What the task asks:
Down to the last line, print the entries below exactly, and keep every picture out of the copy.

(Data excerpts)
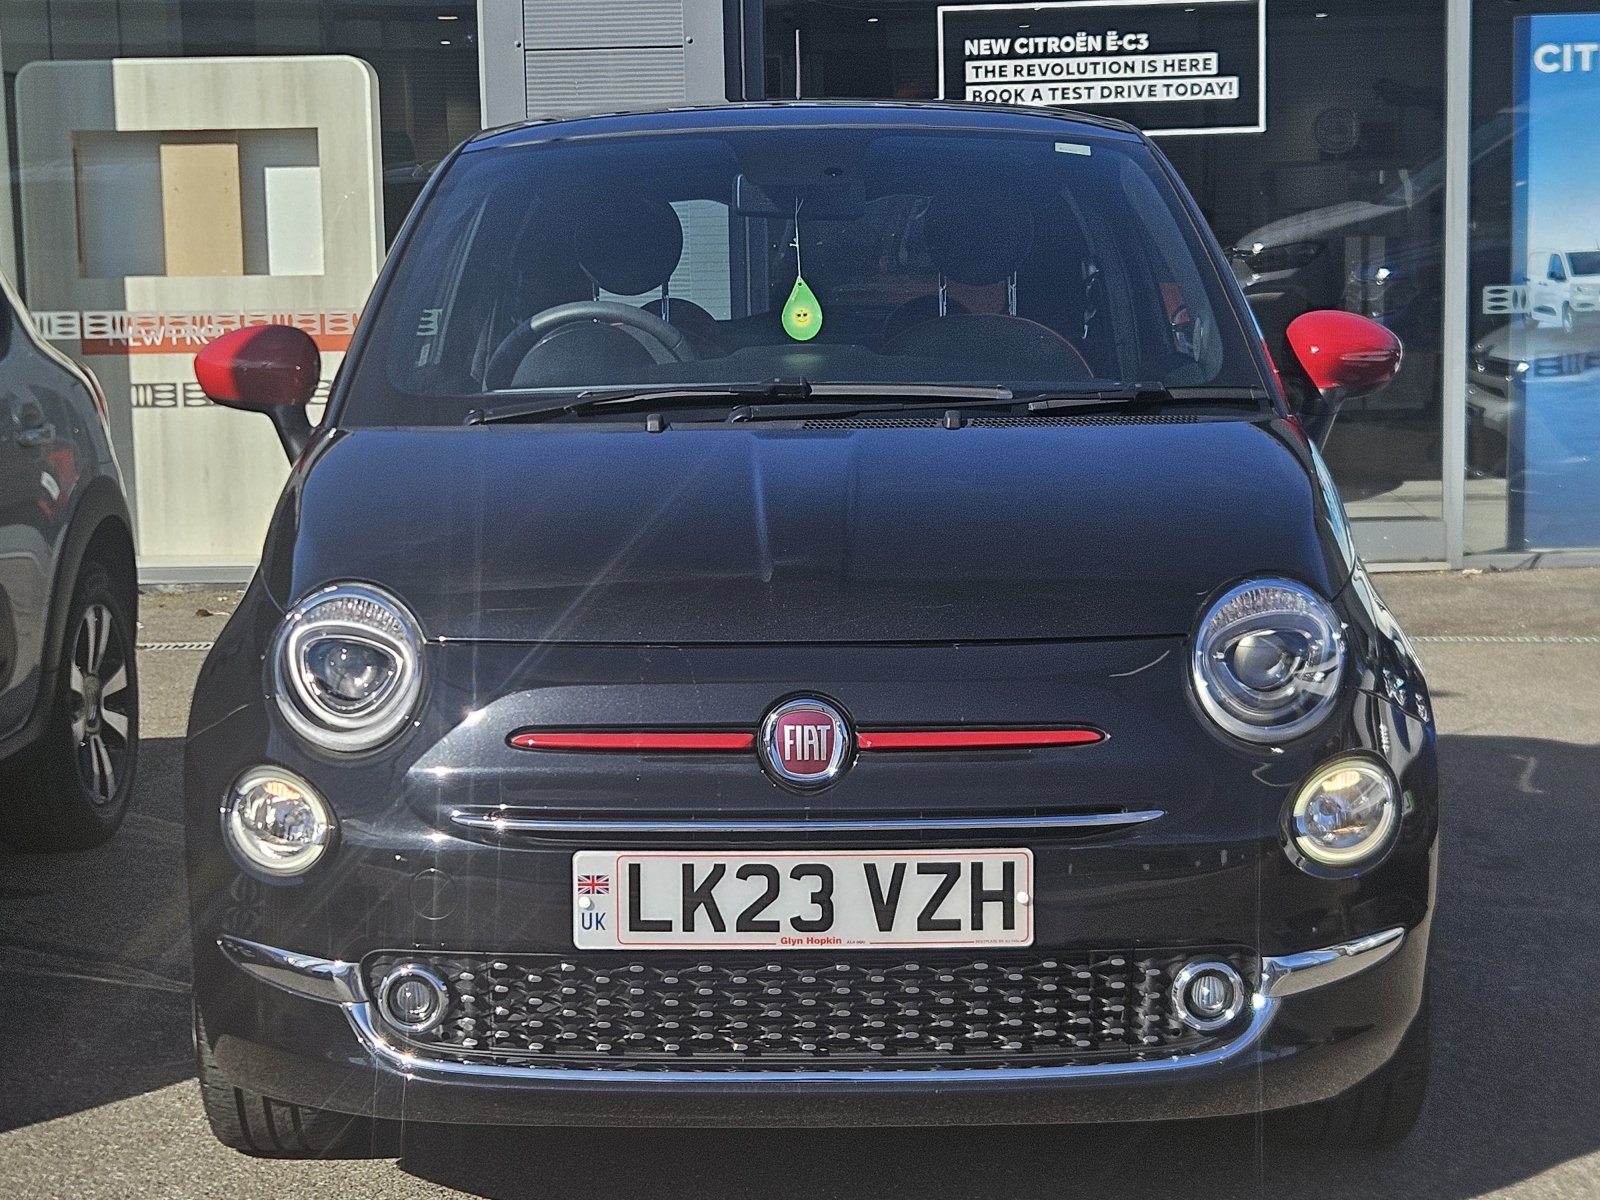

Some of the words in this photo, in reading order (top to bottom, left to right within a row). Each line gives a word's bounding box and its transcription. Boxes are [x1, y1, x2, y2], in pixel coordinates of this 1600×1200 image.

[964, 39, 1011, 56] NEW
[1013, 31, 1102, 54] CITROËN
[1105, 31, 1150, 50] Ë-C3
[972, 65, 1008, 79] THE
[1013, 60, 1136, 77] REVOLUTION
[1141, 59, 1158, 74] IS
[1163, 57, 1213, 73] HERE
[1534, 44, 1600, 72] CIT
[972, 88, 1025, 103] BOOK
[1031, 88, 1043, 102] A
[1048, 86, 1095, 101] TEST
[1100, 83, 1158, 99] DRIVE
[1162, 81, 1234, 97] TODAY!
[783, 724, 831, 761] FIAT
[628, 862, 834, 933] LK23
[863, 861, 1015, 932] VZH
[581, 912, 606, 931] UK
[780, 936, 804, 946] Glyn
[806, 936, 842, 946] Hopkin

Your solution:
Some of the words in this photo, in reading order (top to bottom, left to right within a row). Each line gives a word's bounding box and its transcription. Boxes are [x1, y1, x2, y2], in pixel coordinates of this 1600×1200 image.

[964, 39, 1011, 56] NEW
[1013, 31, 1102, 54] CITROËN
[1105, 31, 1150, 50] Ë-C3
[972, 65, 1008, 79] THE
[1013, 60, 1136, 77] REVOLUTION
[1141, 59, 1158, 74] IS
[1163, 57, 1213, 73] HERE
[1534, 44, 1600, 72] CIT
[972, 88, 1025, 103] BOOK
[1031, 88, 1043, 102] A
[1048, 86, 1095, 101] TEST
[1100, 83, 1158, 99] DRIVE
[1162, 81, 1234, 97] TODAY!
[783, 724, 831, 761] FIAT
[628, 862, 834, 933] LK23
[863, 861, 1015, 932] VZH
[581, 912, 606, 931] UK
[780, 936, 804, 946] Glyn
[806, 936, 842, 946] Hopkin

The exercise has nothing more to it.